→ **The data**:
■ ■ ■

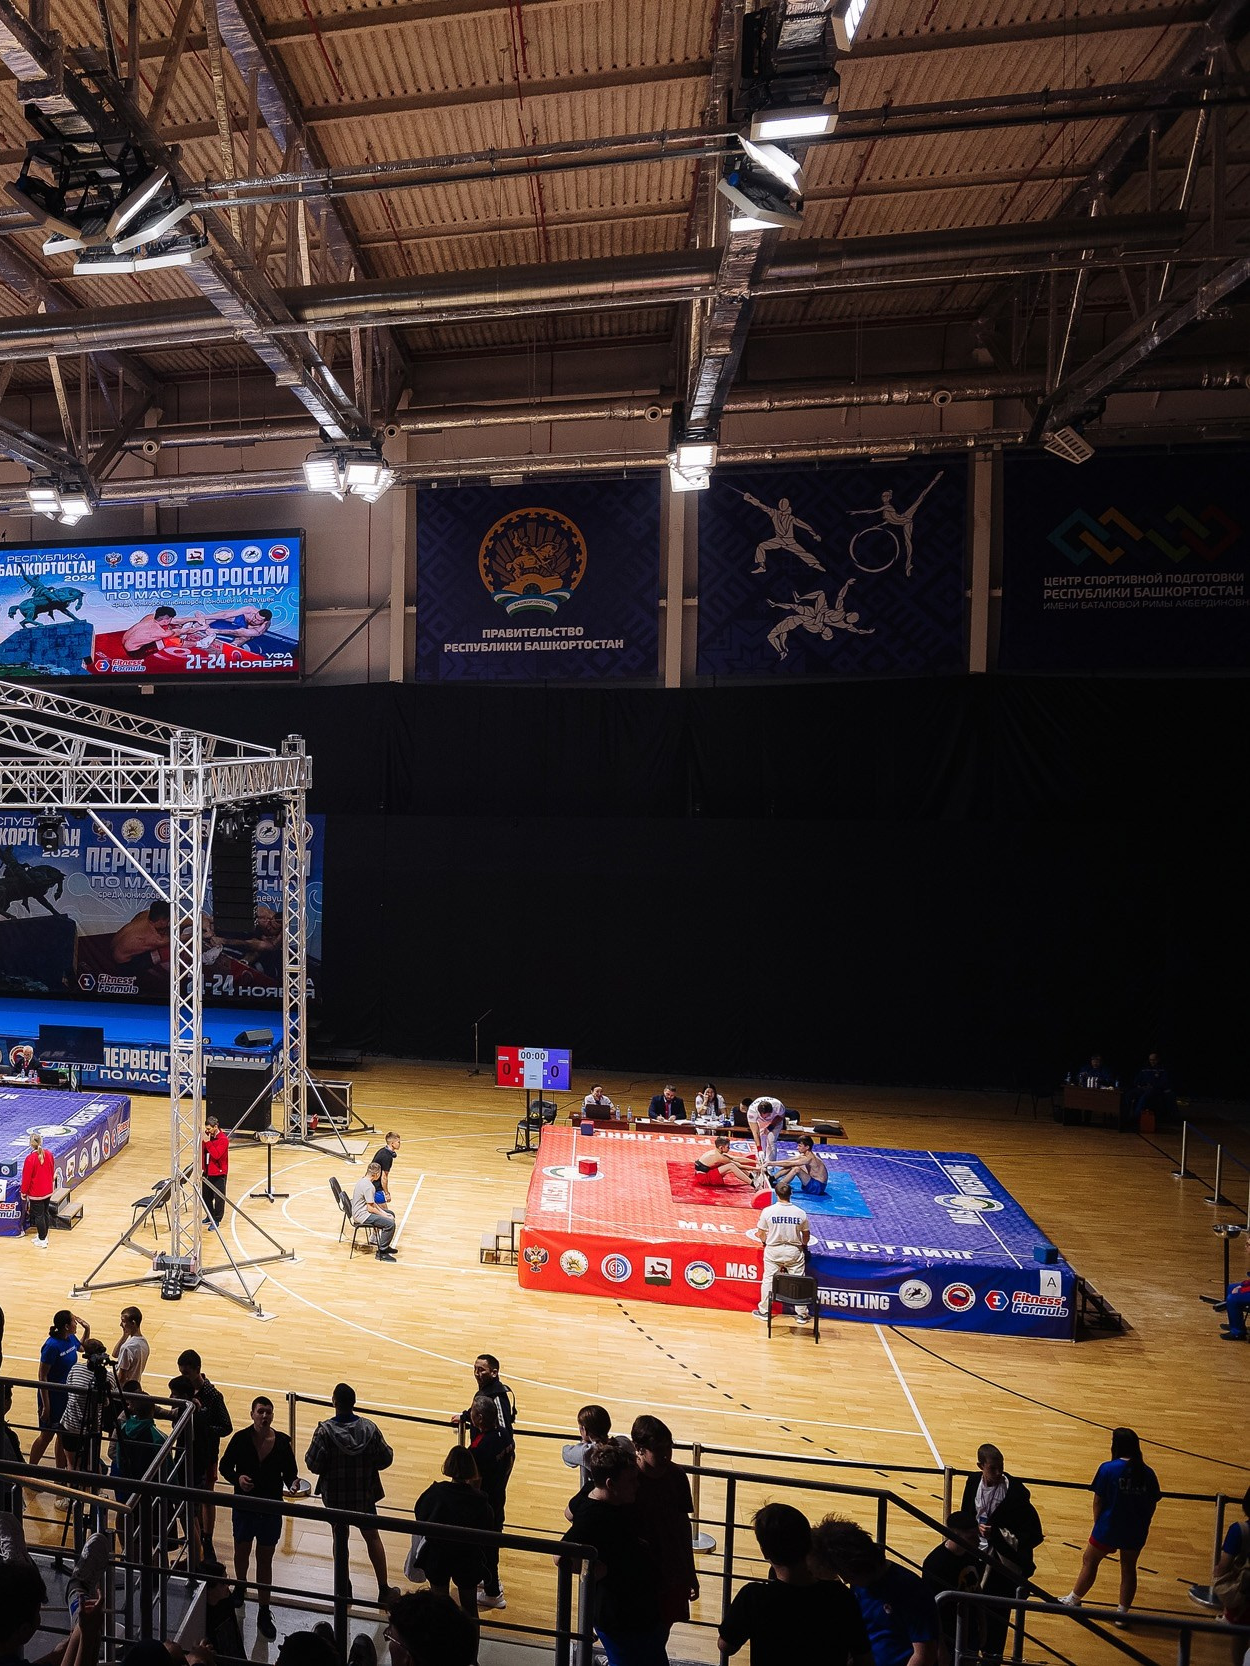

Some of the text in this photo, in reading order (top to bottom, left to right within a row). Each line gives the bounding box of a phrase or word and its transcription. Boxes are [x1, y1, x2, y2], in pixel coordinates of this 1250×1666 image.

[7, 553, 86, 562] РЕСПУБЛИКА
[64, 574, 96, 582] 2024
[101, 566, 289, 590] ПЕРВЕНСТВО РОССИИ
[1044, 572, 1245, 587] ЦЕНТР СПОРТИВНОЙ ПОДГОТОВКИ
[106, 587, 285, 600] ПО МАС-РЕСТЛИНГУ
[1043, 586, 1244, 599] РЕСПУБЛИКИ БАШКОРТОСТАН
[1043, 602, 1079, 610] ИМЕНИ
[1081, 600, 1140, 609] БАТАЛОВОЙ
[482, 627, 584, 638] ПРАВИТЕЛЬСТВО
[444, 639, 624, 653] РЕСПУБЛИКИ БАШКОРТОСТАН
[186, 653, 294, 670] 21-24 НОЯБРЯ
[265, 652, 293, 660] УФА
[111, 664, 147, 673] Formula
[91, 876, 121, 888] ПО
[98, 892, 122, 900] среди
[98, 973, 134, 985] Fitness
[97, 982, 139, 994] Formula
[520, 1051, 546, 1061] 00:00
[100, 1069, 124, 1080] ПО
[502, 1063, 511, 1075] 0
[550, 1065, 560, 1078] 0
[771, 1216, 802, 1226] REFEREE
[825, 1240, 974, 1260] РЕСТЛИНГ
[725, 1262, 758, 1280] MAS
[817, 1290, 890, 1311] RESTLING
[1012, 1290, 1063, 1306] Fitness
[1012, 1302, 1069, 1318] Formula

■ ■ ■

→ **What needs to be done**: What is needed is the data above, retyped exactly, with every picture left out.

→ **Exercise solution**:
Some of the text in this photo, in reading order (top to bottom, left to right within a row). Each line gives the bounding box of a phrase or word and its transcription. Boxes are [x1, y1, x2, y2], in pixel coordinates of this 1250×1666 image.

[7, 553, 86, 562] РЕСПУБЛИКА
[64, 574, 96, 582] 2024
[101, 566, 289, 590] ПЕРВЕНСТВО РОССИИ
[1044, 572, 1245, 587] ЦЕНТР СПОРТИВНОЙ ПОДГОТОВКИ
[106, 587, 285, 600] ПО МАС-РЕСТЛИНГУ
[1043, 586, 1244, 599] РЕСПУБЛИКИ БАШКОРТОСТАН
[1043, 602, 1079, 610] ИМЕНИ
[1081, 600, 1140, 609] БАТАЛОВОЙ
[482, 627, 584, 638] ПРАВИТЕЛЬСТВО
[444, 639, 624, 653] РЕСПУБЛИКИ БАШКОРТОСТАН
[186, 653, 294, 670] 21-24 НОЯБРЯ
[265, 652, 293, 660] УФА
[111, 664, 147, 673] Formula
[91, 876, 121, 888] ПО
[98, 892, 122, 900] среди
[98, 973, 134, 985] Fitness
[97, 982, 139, 994] Formula
[520, 1051, 546, 1061] 00:00
[100, 1069, 124, 1080] ПО
[502, 1063, 511, 1075] 0
[550, 1065, 560, 1078] 0
[771, 1216, 802, 1226] REFEREE
[825, 1240, 974, 1260] РЕСТЛИНГ
[725, 1262, 758, 1280] MAS
[817, 1290, 890, 1311] RESTLING
[1012, 1290, 1063, 1306] Fitness
[1012, 1302, 1069, 1318] Formula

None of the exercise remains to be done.